_EXERCISE GOAL_. Transcribe each entry exactly as it appears, leaving out any picture it holds.

_RECORDS FOR THIS EXERCISE_.
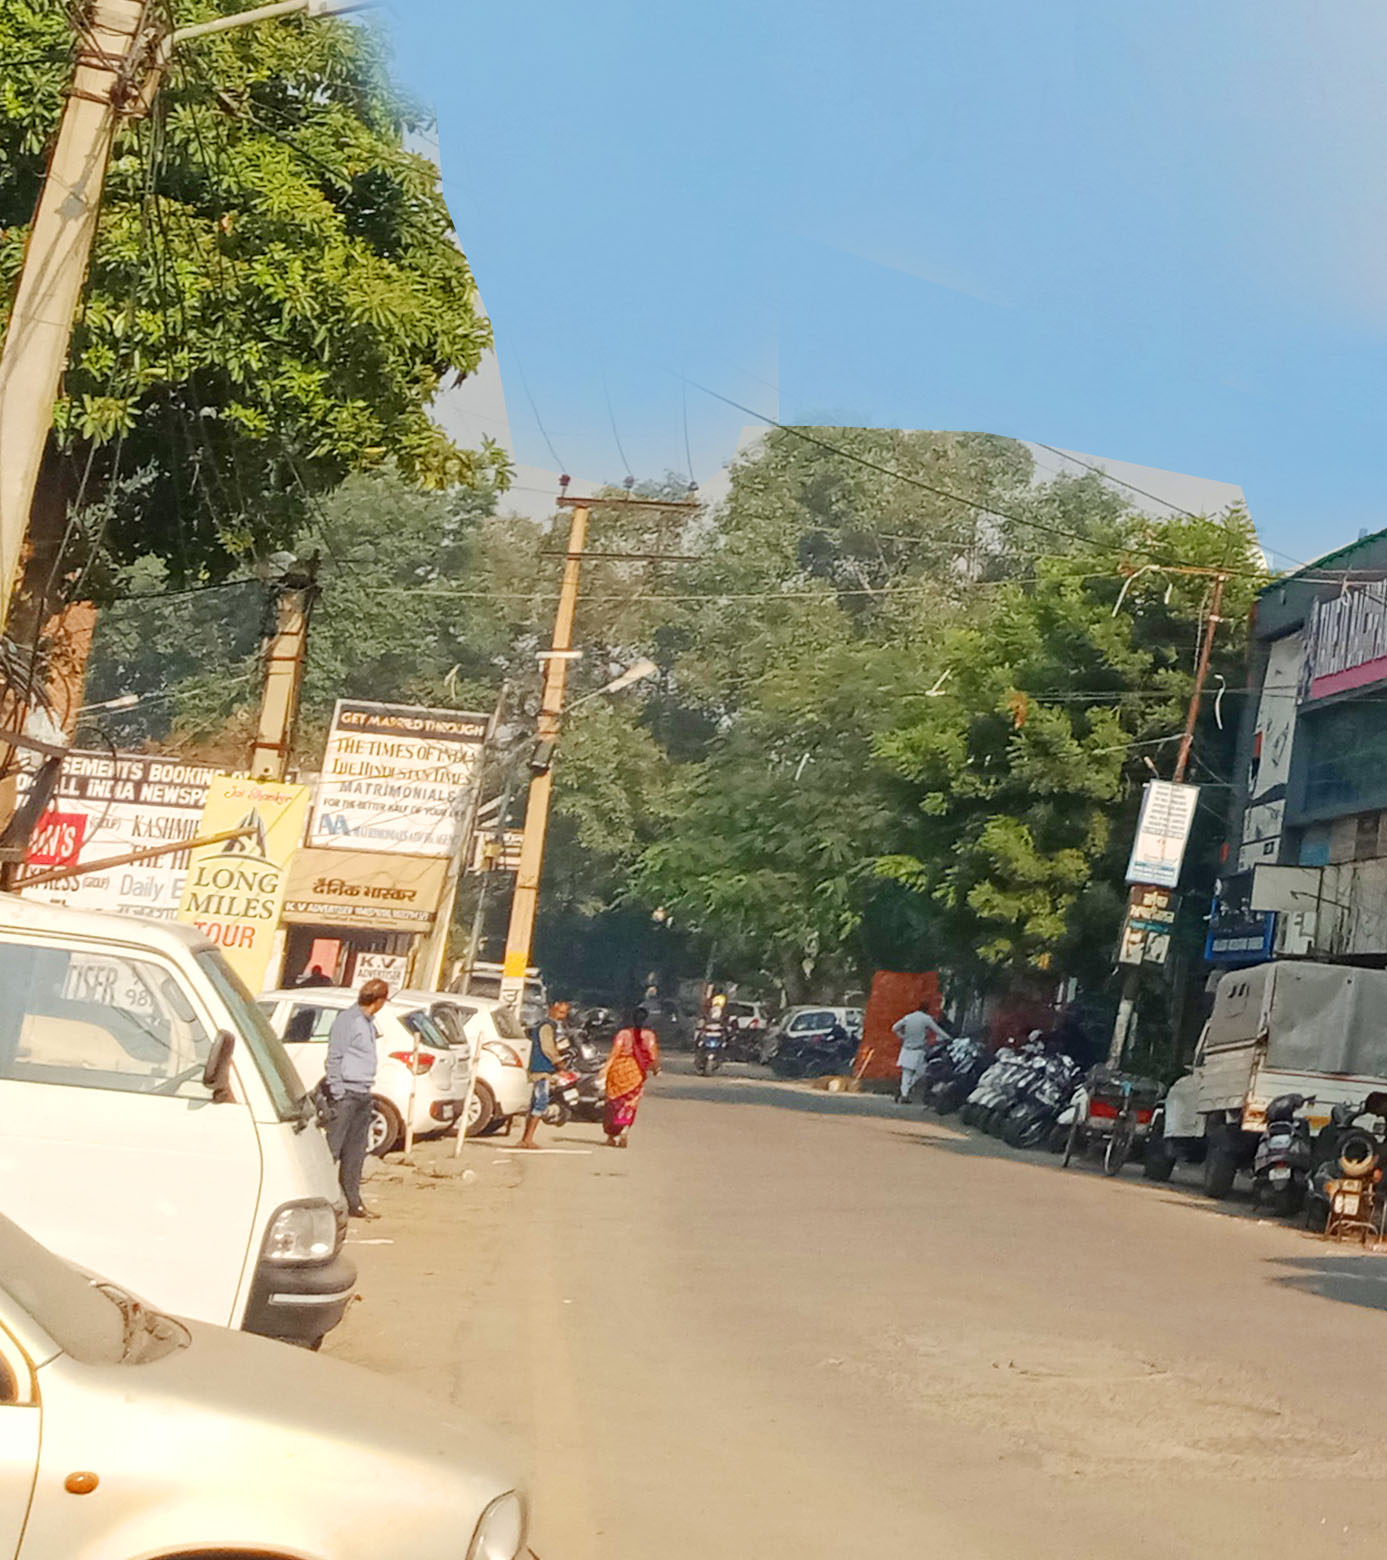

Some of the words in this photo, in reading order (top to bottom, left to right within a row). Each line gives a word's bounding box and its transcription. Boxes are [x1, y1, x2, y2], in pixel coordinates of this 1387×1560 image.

[341, 712, 365, 725] GET
[337, 738, 365, 755] THE
[369, 741, 415, 760] TIMES
[417, 745, 434, 761] OF
[120, 874, 164, 904] Daily
[194, 867, 280, 895] LONG
[312, 877, 362, 897] दैनिक
[185, 892, 276, 921] MILES

_TASK SOLUTION_.
Some of the words in this photo, in reading order (top to bottom, left to right within a row). Each line gives a word's bounding box and its transcription. Boxes are [x1, y1, x2, y2], in pixel coordinates of this 1387×1560 image.

[341, 712, 365, 725] GET
[337, 738, 365, 755] THE
[369, 741, 415, 760] TIMES
[417, 745, 434, 761] OF
[120, 874, 164, 904] Daily
[194, 867, 280, 895] LONG
[312, 877, 362, 897] दैनिक
[185, 892, 276, 921] MILES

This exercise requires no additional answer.